> _Task data_:
★ ★ ★ ★ ★ ★ ★
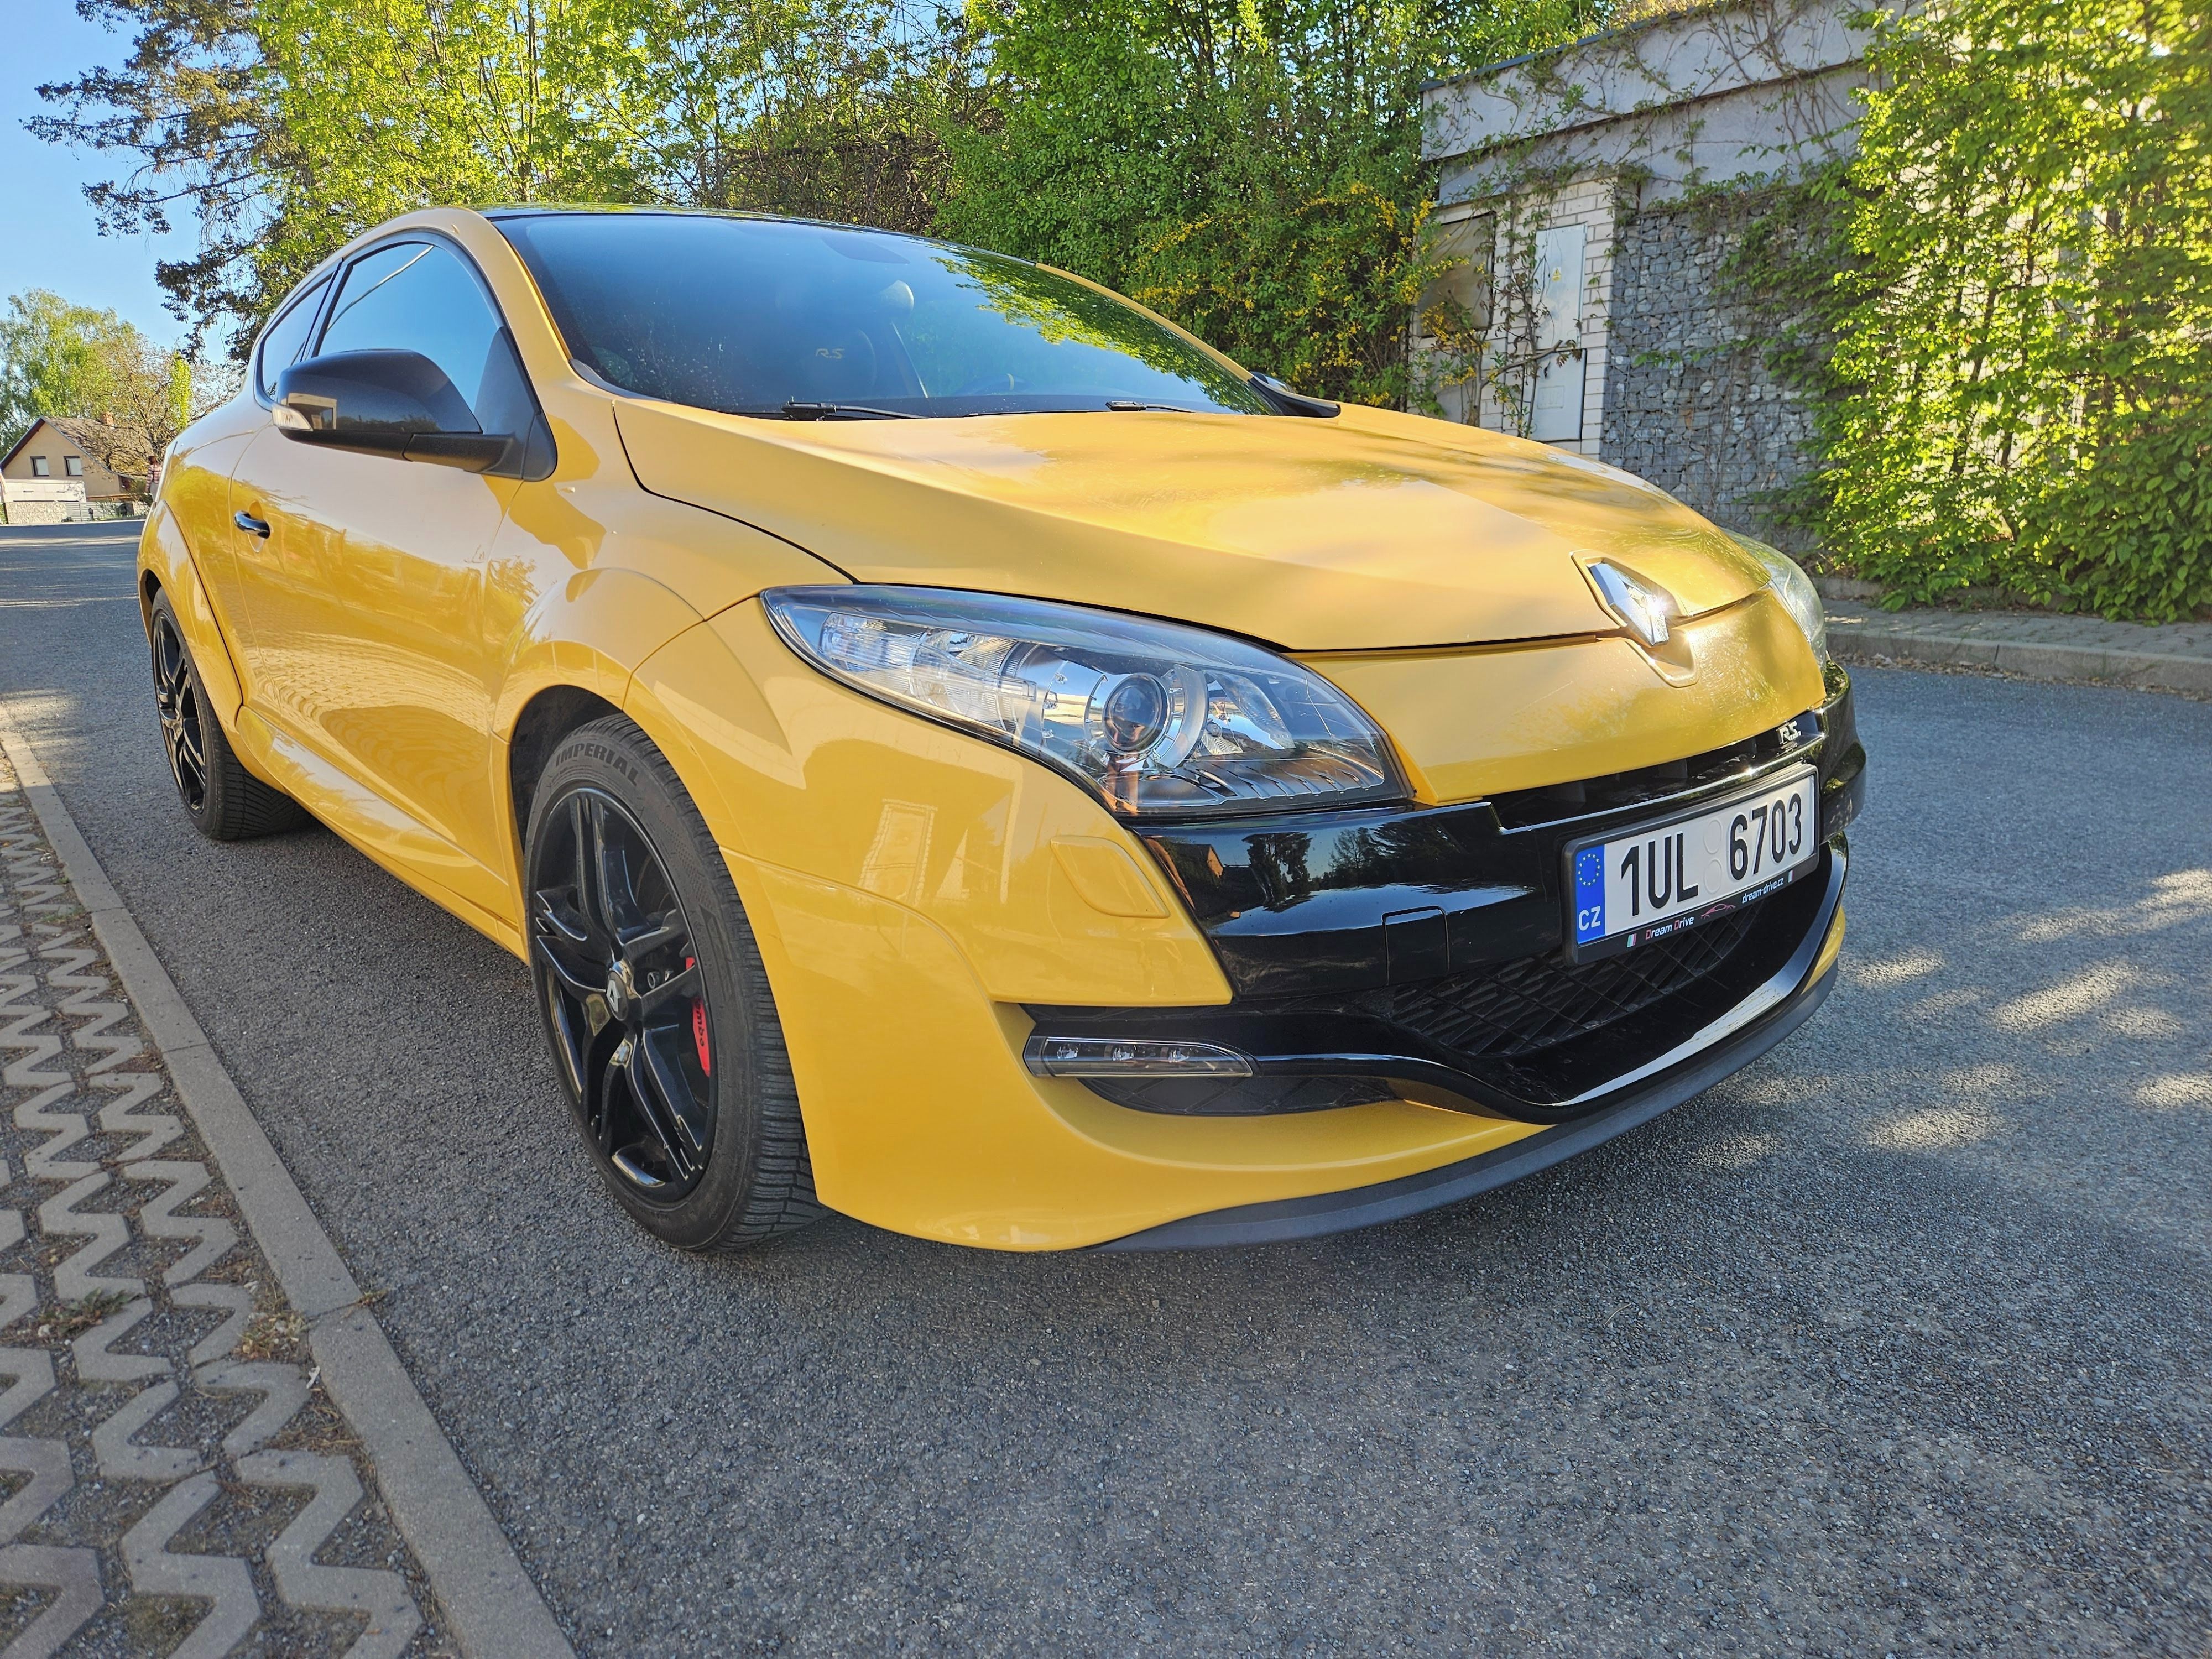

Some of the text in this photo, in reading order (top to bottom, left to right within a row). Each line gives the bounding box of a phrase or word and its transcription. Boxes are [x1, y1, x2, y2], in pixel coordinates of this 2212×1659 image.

[556, 743, 638, 787] IMPERIAL
[1621, 793, 1802, 916] 1UL 6703
[1742, 878, 1784, 904] dream-drive.cz
[1579, 905, 1601, 931] CZ
[1645, 916, 1694, 940] Dream Drive
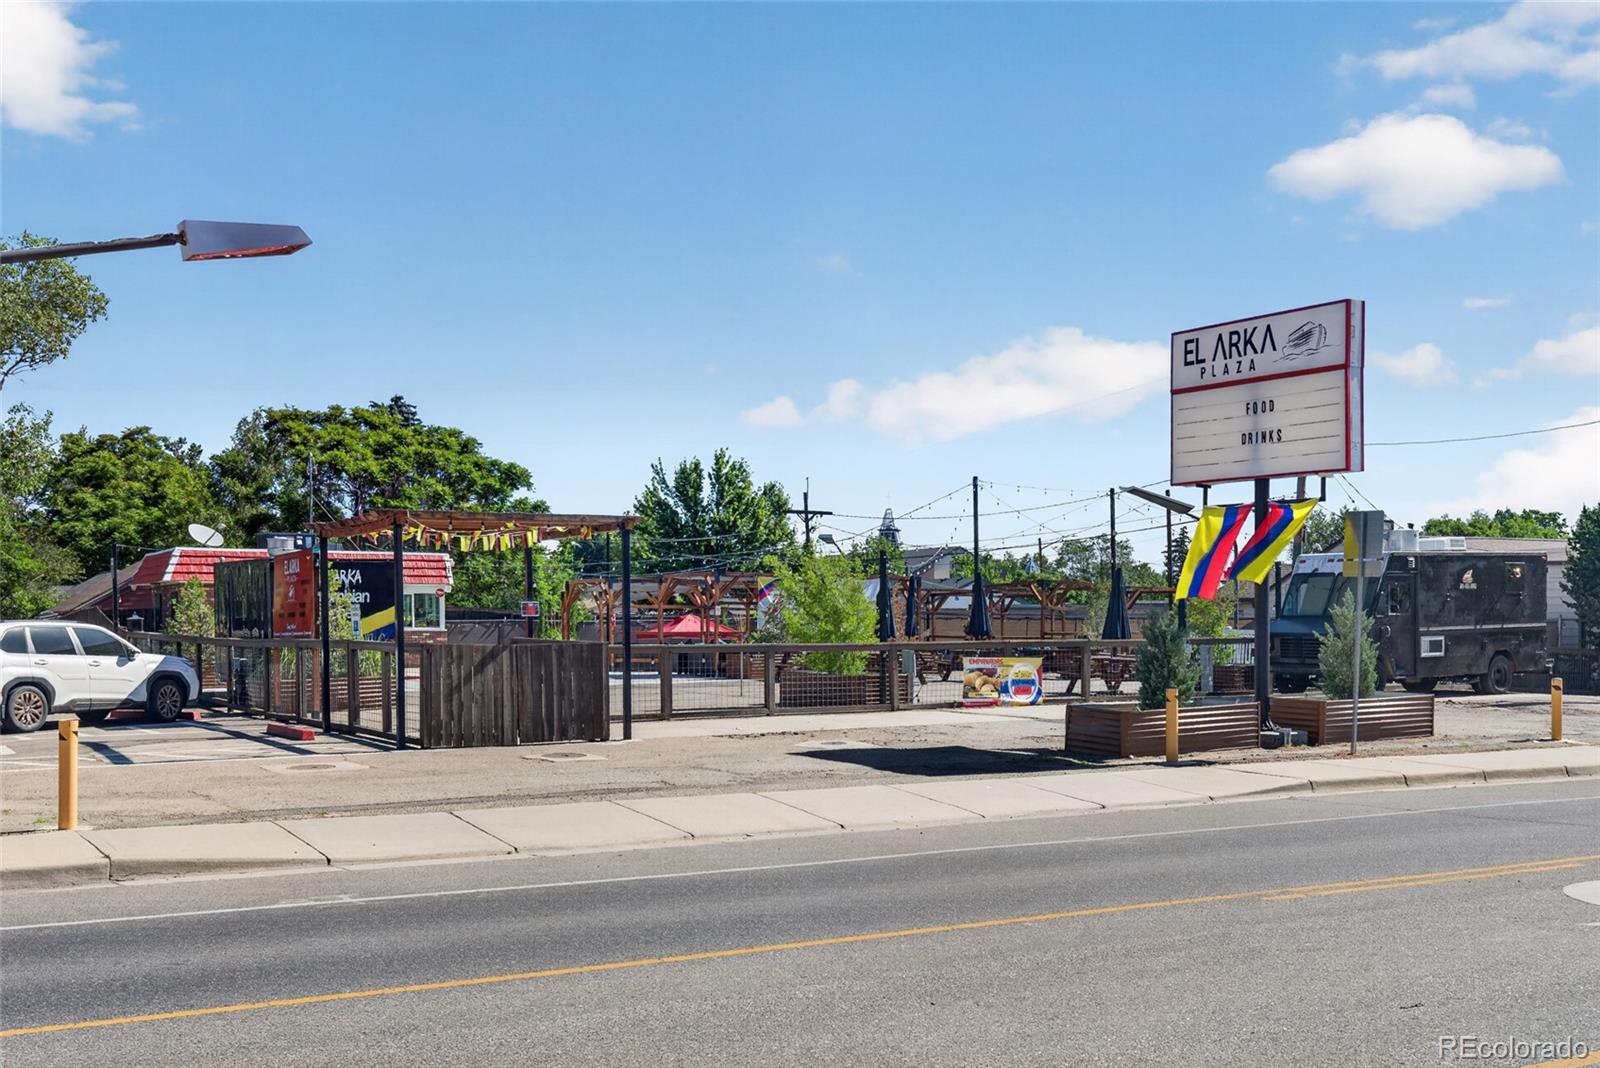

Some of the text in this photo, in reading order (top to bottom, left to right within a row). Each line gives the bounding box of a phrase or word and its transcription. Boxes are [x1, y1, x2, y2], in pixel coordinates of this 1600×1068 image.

[1183, 324, 1277, 367] EL ARKA
[1200, 358, 1256, 380] PLAZA
[1245, 400, 1275, 416] FOOD
[1241, 429, 1283, 446] DRINKS
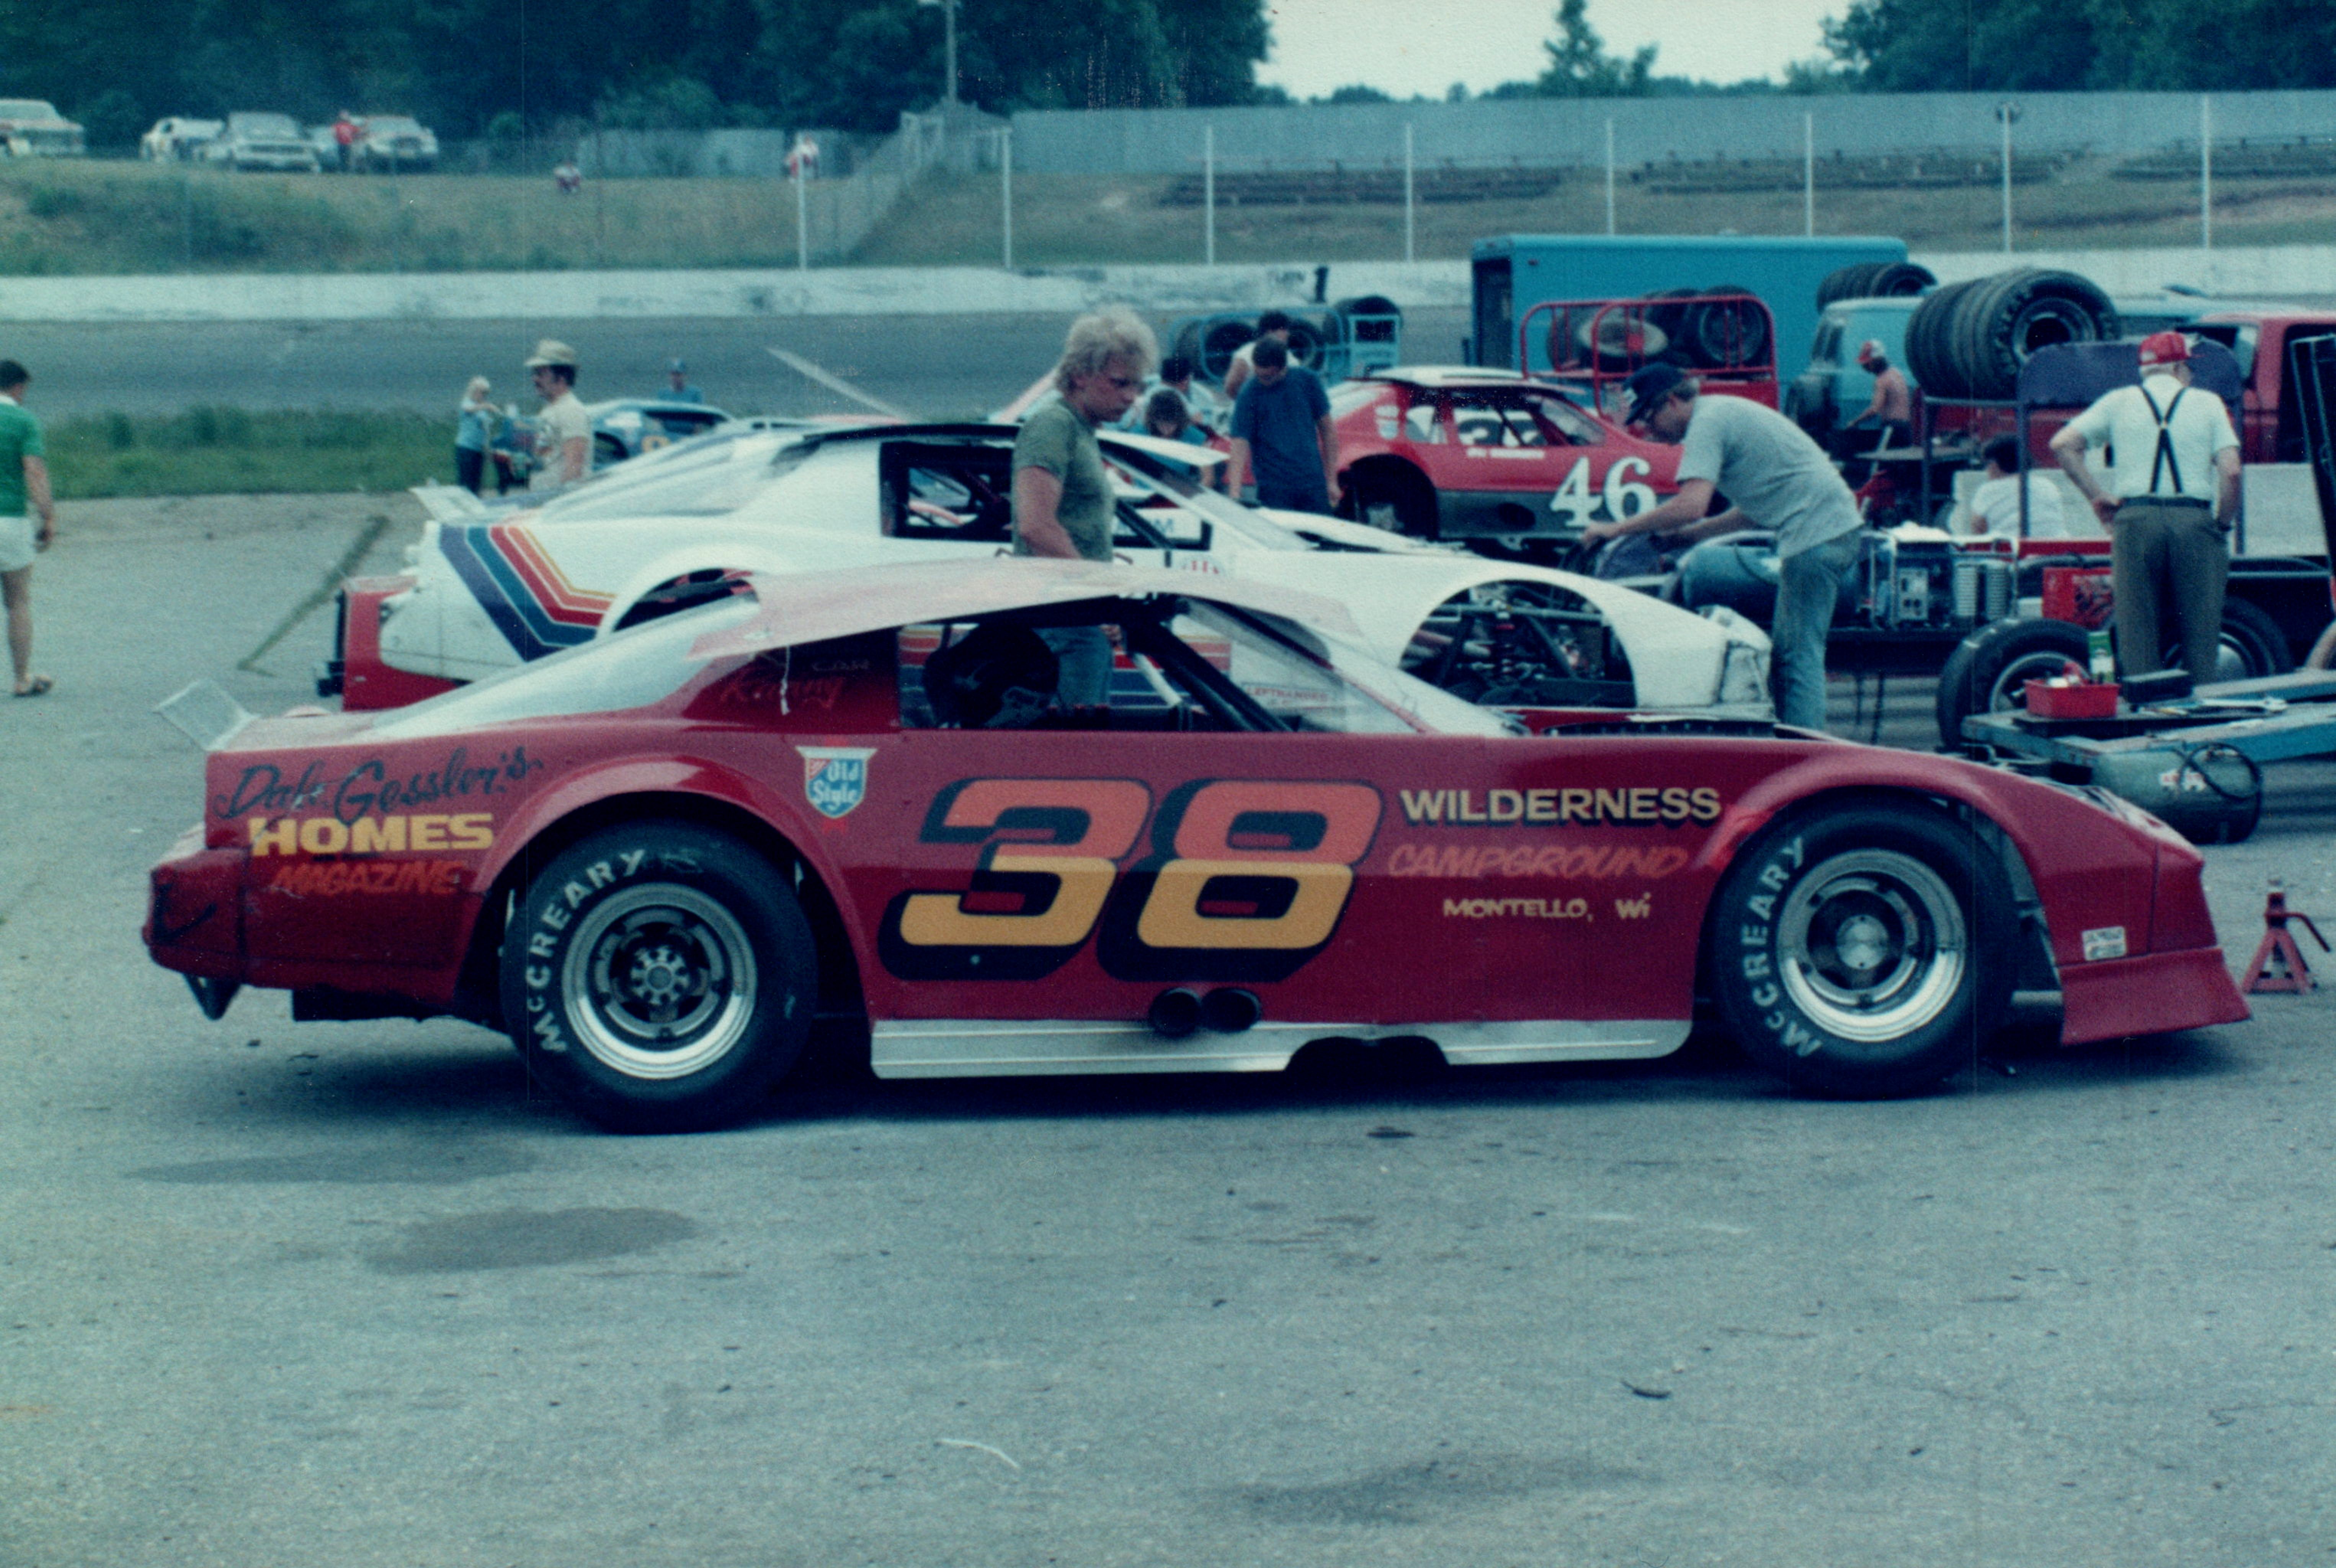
★ ★ ★ ★ ★ ★ ★
The records above need to be copied exactly, with the pictures left out.

Some of the text in this photo, in reading order (top to bottom, left to right within a row). Each line gives the bounding box of a phrase or word and its transcription. Boxes are [x1, y1, x2, y2], in pixel coordinates of this 2212×1659 image.

[556, 743, 638, 787] IMPERIAL
[1621, 793, 1802, 916] 1UL 6703
[1742, 878, 1784, 904] dream-drive.cz
[1579, 905, 1601, 931] CZ
[1645, 916, 1694, 940] Dream Drive

Some of the text in this photo, in reading order (top to bottom, left to right within a row). Each line gives the bounding box of a phrase or word and its transcription. Boxes are [x1, y1, x2, y2], in pixel coordinates of this 1600×1068 image.

[1183, 324, 1277, 367] EL ARKA
[1200, 358, 1256, 380] PLAZA
[1245, 400, 1275, 416] FOOD
[1241, 429, 1283, 446] DRINKS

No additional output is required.